Welcome to The AI Shift by Inc42, our all-new newsletter that delves deep into the world of artificial intelligence, LLMs, big tech giants and the major trends sweeping the Indian startup and tech ecosystem.
Here's the sixth edition; do send us your feedback and suggestions so we can improve as we go along!
Just over a year ago, OpenAI founding member Andrej Karpathy
Nowadays, thanks to memes and serious startups in this space, pretty much everyone knows vibe coding means building software by telling a chatbot your intent.
Instead of writing every line of code, a user can describe the vibe, the look, the feel, and the function. The AI then does the heavy lifting of writing code.
Across startups and enterprises, intent-first, AI-assisted building is reshaping how software gets shipped, who gets to build it, and how accountability is distributed. Teams are moving faster than before, and capabilities are spreading beyond engineering.
This does not mean that AI-assisted software development is spelling doom for developers. It is rather redefining their jobs. Being a coder today is less about being a syntax wizard and more about having high-quality logic and clarity of vision.

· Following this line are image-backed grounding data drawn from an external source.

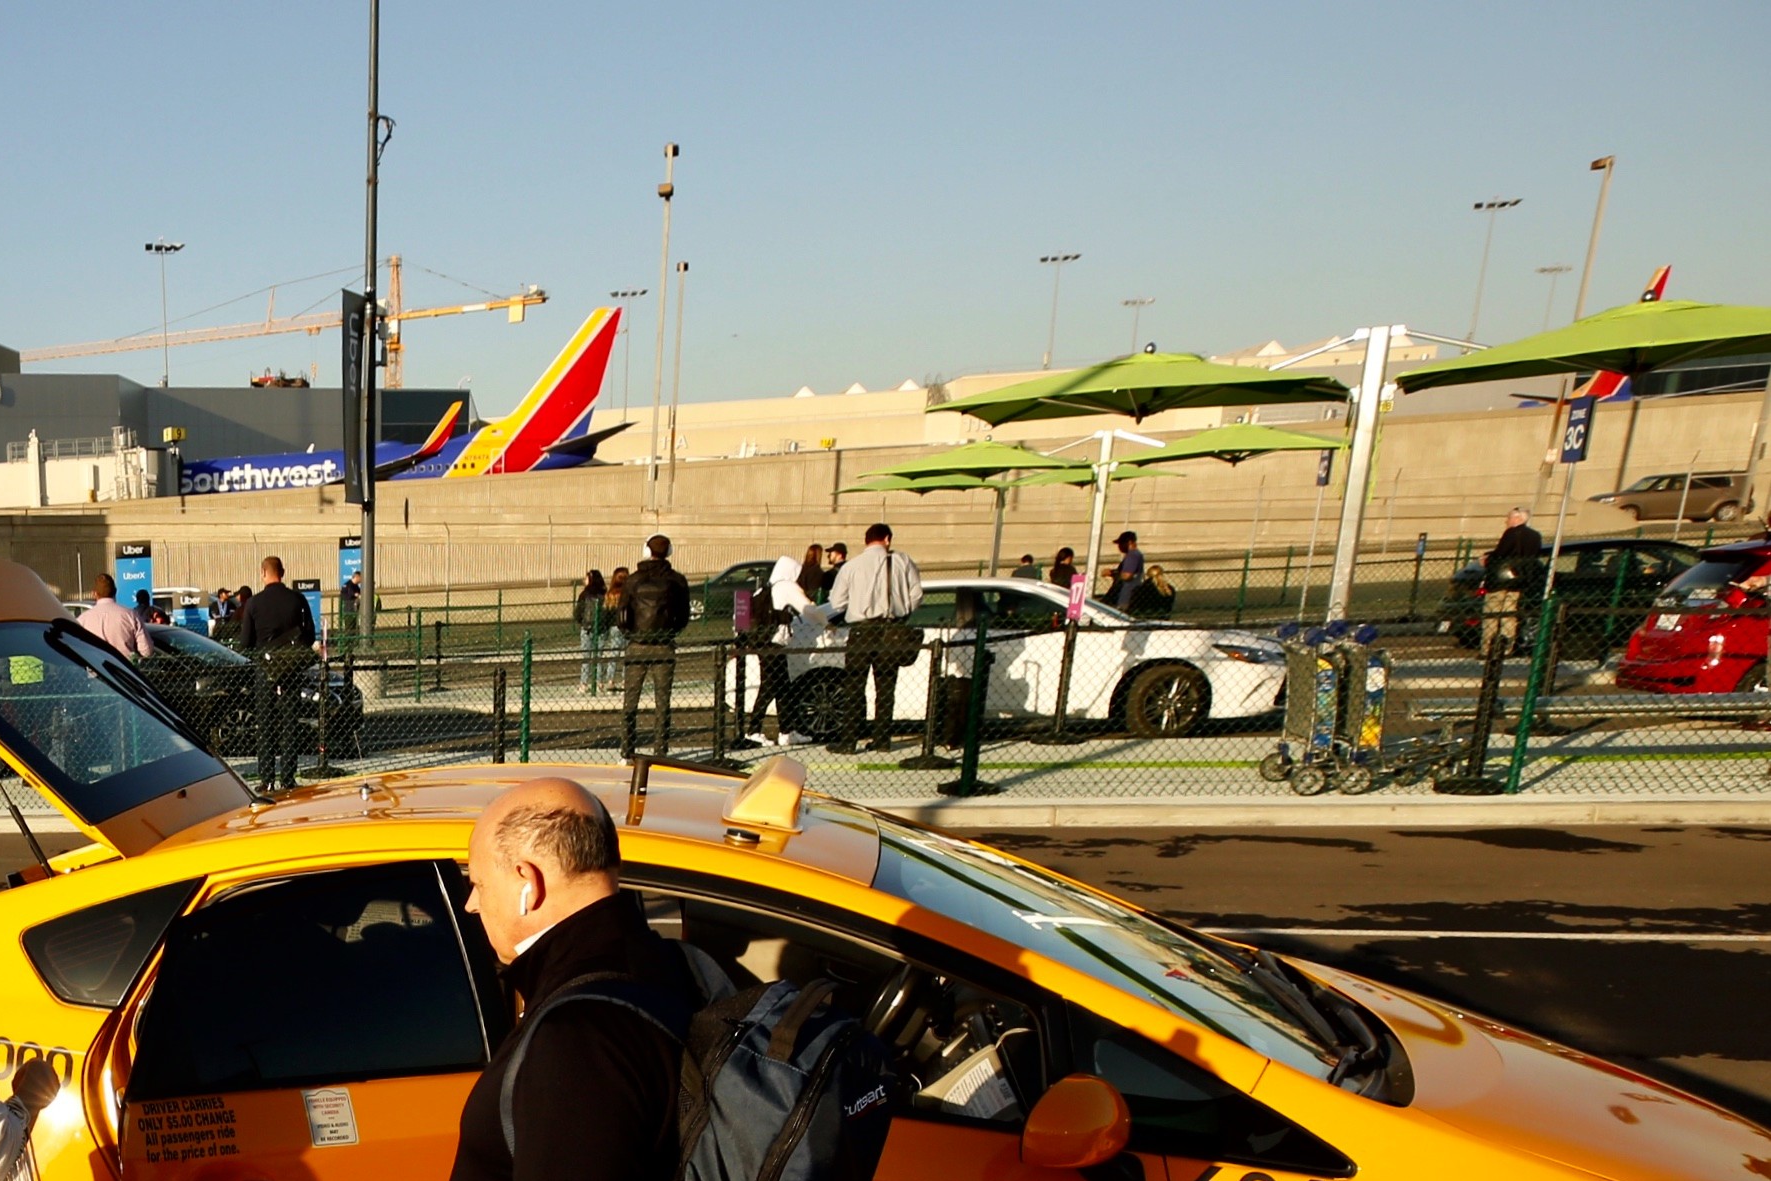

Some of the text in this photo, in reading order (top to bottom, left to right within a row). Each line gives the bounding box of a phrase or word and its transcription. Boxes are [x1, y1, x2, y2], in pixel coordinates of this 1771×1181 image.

[1564, 423, 1585, 451] 3C
[180, 459, 338, 494] Southwest
[122, 545, 144, 555] Uber
[122, 571, 146, 580] UberX
[297, 582, 315, 590] Uber
[179, 596, 202, 605] Uber
[1071, 581, 1085, 605] 17
[141, 1097, 225, 1116] DRIVER CARRIES
[137, 1109, 237, 1132] ONLY $5.00 CHANGE
[145, 1125, 236, 1147] All passengers ride
[146, 1142, 240, 1163] for the price of one.

However, this comes with its own set of questions. When an AI interprets a "vibe" into millions of lines of code, who is responsible for the bugs and who owns the security?
Software Enters A New Era
Vibe coding represents a tectonic shift in software development, moving away from code-as-instruction to code-as-outcome.
Instead of painstakingly writing every line of syntax, developers now simply describe behaviours, flows, and intent to the chatbot. The AI then generates the skeleton and general structure, and the human simply decides if the result is acceptable.
This shift is most visible in design-led and early stage product work. Rahul Jain, founder of custom software developer Pixeldust, notes that AI has compressed delivery cycles.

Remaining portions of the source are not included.